[Phrase grounding data]
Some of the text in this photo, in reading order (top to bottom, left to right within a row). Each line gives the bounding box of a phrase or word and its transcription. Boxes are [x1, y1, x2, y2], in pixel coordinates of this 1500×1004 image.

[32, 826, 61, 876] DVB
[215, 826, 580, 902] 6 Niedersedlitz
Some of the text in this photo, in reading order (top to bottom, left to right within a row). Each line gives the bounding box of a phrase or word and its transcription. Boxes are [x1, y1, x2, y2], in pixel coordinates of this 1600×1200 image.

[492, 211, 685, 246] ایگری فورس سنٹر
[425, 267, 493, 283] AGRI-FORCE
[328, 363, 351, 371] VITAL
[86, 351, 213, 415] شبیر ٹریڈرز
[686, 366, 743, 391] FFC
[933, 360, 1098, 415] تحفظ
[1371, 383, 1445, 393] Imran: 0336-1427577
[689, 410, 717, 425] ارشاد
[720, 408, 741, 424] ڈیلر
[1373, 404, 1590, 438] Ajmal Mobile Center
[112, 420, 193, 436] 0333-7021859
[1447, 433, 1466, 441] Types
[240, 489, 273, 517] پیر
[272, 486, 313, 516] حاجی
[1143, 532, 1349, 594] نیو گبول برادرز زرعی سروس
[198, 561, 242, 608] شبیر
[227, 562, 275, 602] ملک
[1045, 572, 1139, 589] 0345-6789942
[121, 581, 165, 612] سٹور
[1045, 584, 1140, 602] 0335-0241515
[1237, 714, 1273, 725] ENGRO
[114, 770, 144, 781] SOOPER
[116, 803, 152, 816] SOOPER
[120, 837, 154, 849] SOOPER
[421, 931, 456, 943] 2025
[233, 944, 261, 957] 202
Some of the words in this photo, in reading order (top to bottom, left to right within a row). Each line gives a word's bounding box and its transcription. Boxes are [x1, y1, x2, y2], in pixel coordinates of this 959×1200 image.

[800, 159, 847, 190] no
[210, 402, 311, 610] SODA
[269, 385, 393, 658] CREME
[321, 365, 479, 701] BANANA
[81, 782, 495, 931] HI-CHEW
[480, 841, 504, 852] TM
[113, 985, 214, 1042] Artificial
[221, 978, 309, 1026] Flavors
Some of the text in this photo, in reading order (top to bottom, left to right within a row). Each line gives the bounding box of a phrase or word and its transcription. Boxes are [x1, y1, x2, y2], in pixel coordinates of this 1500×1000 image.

▶ [Task description]: Print each line, exactly as written, from the one that contains "Some of the words" to the end of the data above, with both end lines included and nothing else.

▶ [Written solution]:
Some of the words in this photo, in reading order (top to bottom, left to right within a row). Each line gives a word's bounding box and its transcription. Boxes are [x1, y1, x2, y2], in pixel coordinates of this 959×1200 image.

[800, 159, 847, 190] no
[210, 402, 311, 610] SODA
[269, 385, 393, 658] CREME
[321, 365, 479, 701] BANANA
[81, 782, 495, 931] HI-CHEW
[480, 841, 504, 852] TM
[113, 985, 214, 1042] Artificial
[221, 978, 309, 1026] Flavors
Some of the text in this photo, in reading order (top to bottom, left to right within a row). Each line gives the bounding box of a phrase or word and its transcription. Boxes are [x1, y1, x2, y2], in pixel coordinates of this 1500×1000 image.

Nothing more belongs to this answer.